The failure to complete the project was exposed when a high-ranking dignitary of the Romanian Communist Party paid a visit. All the leading members of the construction team were arrested, and the director, a certain Dăncescu, was sentenced to death. Eventually, Ceaușescu commuted his sentence to 20 years' imprisonment and sent him to work on the Danube-Black Sea Canal, where he died. Local rumour suggests that the project directors used construction materials and funds for their own gain, building a number of villas with these.

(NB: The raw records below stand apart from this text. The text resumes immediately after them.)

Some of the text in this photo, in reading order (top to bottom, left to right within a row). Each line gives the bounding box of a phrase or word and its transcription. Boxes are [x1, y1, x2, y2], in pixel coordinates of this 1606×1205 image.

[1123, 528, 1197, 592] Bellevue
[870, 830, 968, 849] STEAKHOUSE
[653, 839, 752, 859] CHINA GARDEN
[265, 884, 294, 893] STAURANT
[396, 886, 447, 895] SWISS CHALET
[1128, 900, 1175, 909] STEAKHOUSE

Later on, a special lake was built downstream from the planned Lake Ceauru for the Rovinari power station. However, this is an imperfect solution, as during a drought, both Rovinari and Turceni (located 40 km downstream) would no longer be supplied, instead being forced to recirculate cooling water, or else halt operations.

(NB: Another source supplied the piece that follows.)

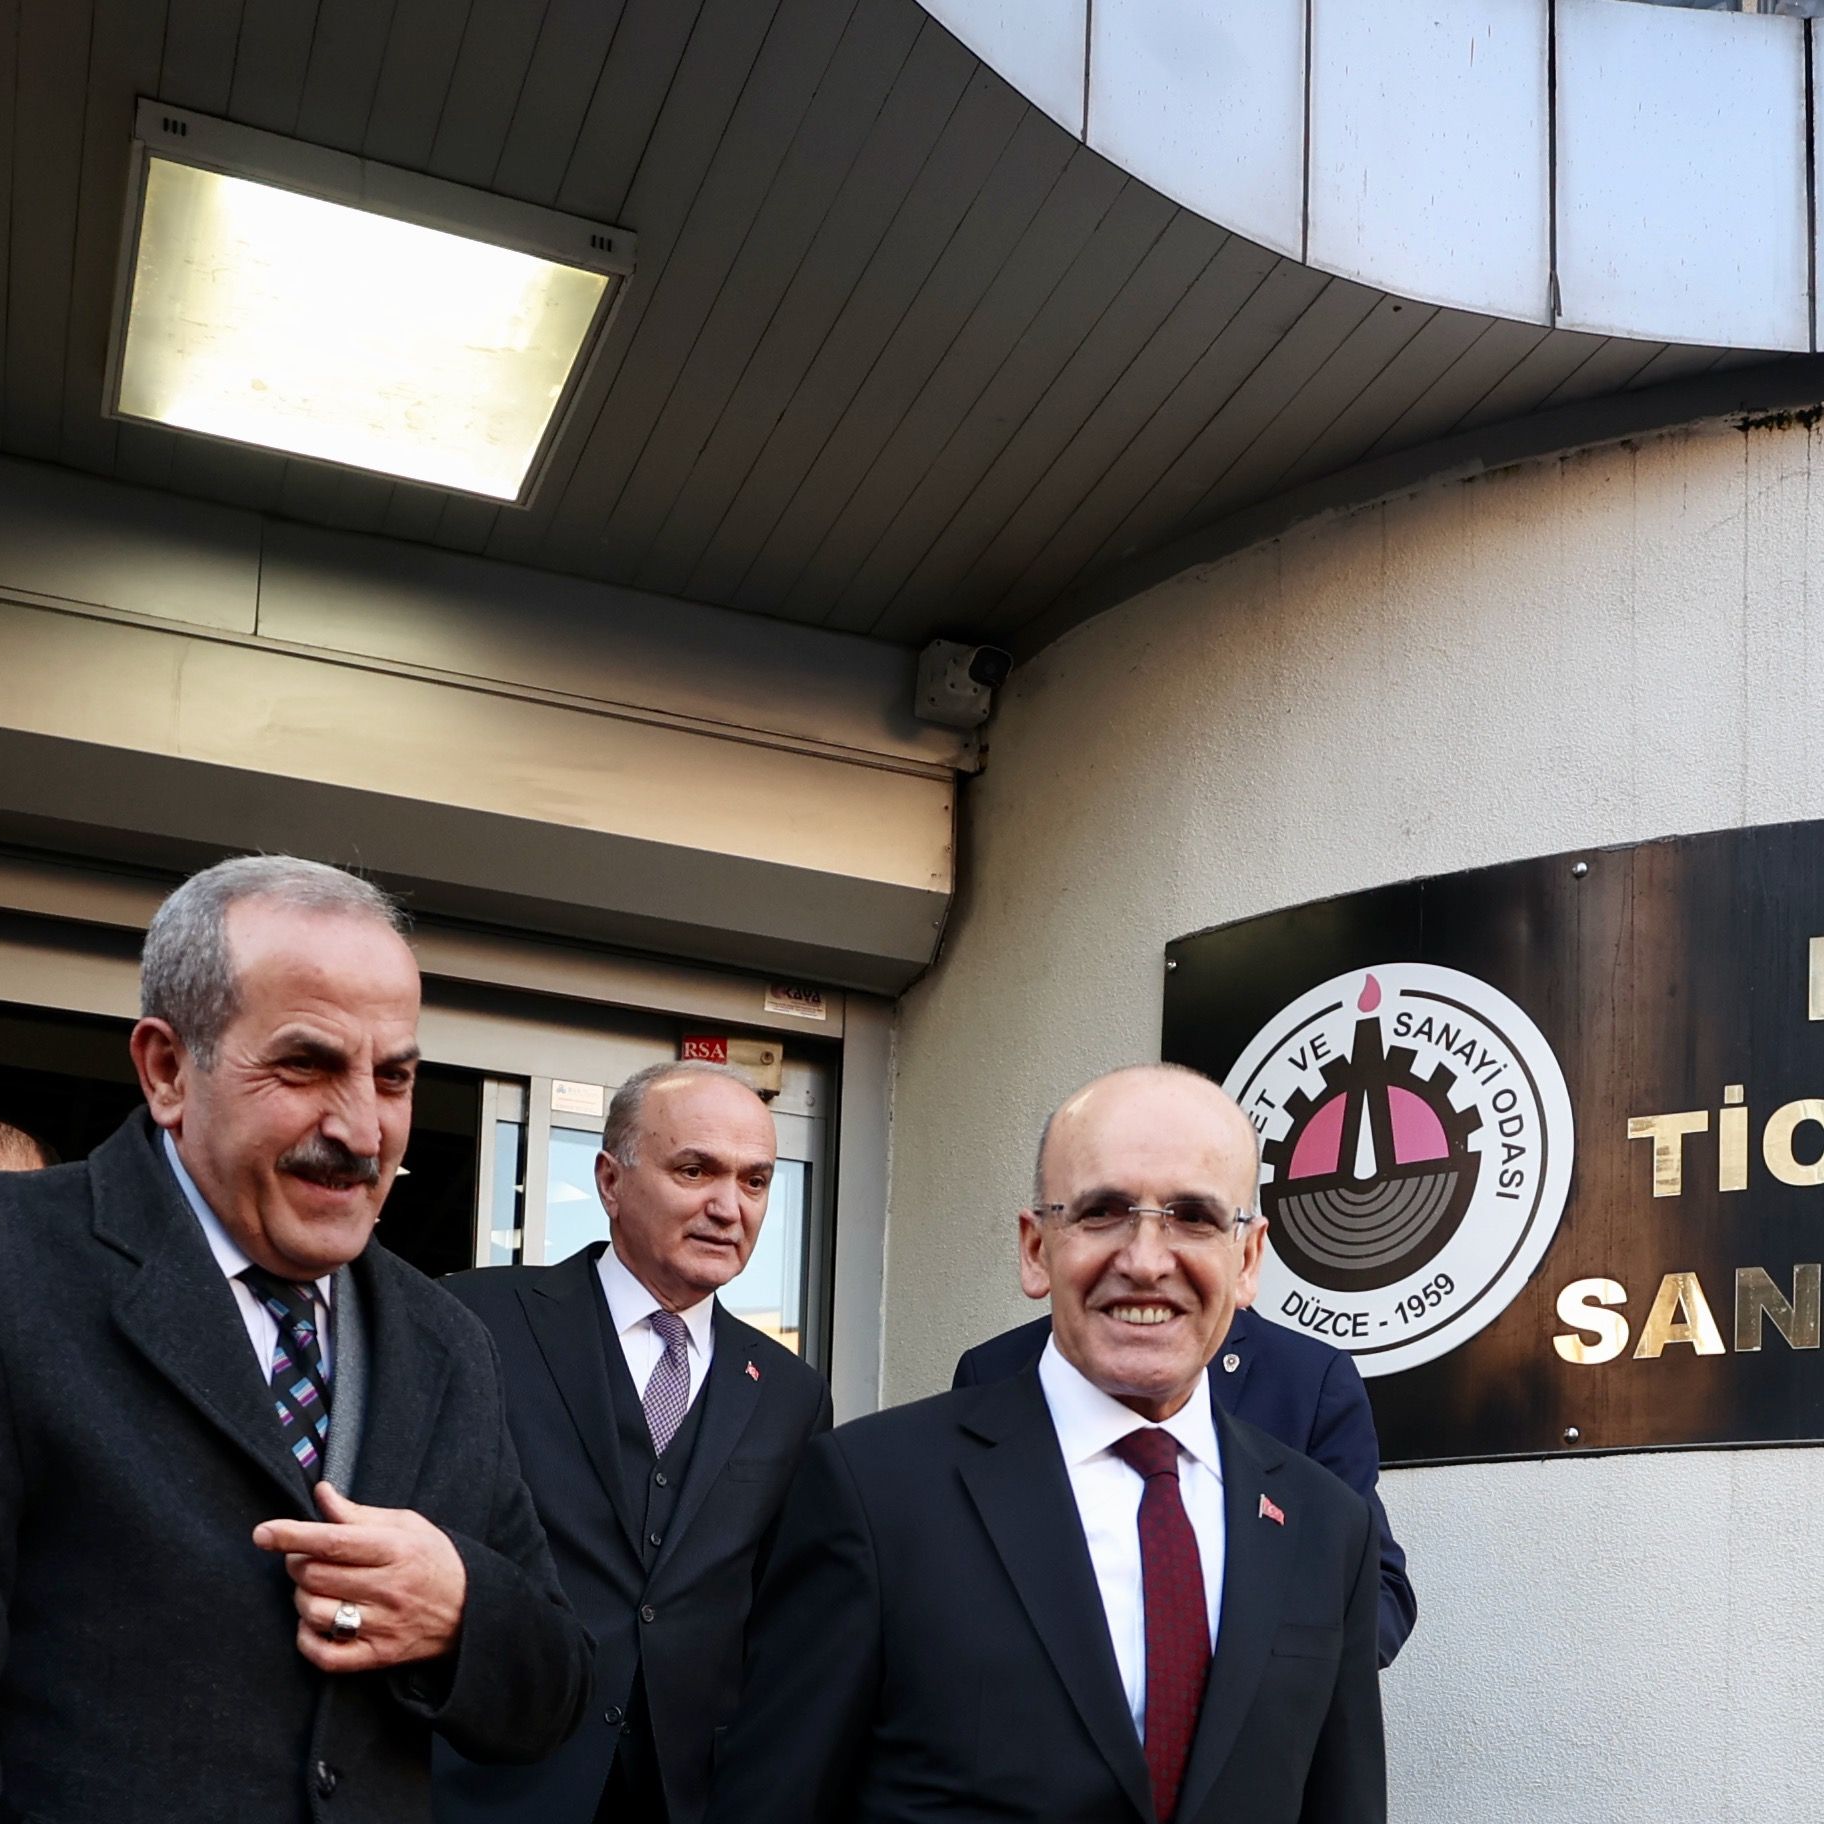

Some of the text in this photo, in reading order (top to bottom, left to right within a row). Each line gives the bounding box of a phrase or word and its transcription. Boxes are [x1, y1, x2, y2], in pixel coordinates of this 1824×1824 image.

Mayor Drăghici, who was nine in 1965, rebuilt his parents' house without authorisation in the same spot some four decades later, as did several other families. When interviewed, he recalled his parents' tears as their lifelong home was taken away, and the army watching to ensure that everyone left on time. The expellees, he noted, were given 9,000 lei, cement and lime, and for a while they slept on corncobs in cold, unfinished houses, wondering why they had been evicted.

After effects[edit]

Two 2007 interviews reflect differing opinions on the risks the unfilled site may pose. The mayor of Telești commune, Constantin Drăghici, suggested that because a forest has been allowed to grow inside, tree trunks would block the weir in case of flooding, and a deluge could break open the dike. Teodor Popescu, head of the Gorj County Water Management Service, countered that the dike and weir are maintained by his company and that the lake bottom is being cultivated by the former owners (who have received proper title to the land). He admitted that a forest does exist and could be flooded, but dismissed the notion of a flood uprooting trees, predicting that any floodwaters would subside in up to six days.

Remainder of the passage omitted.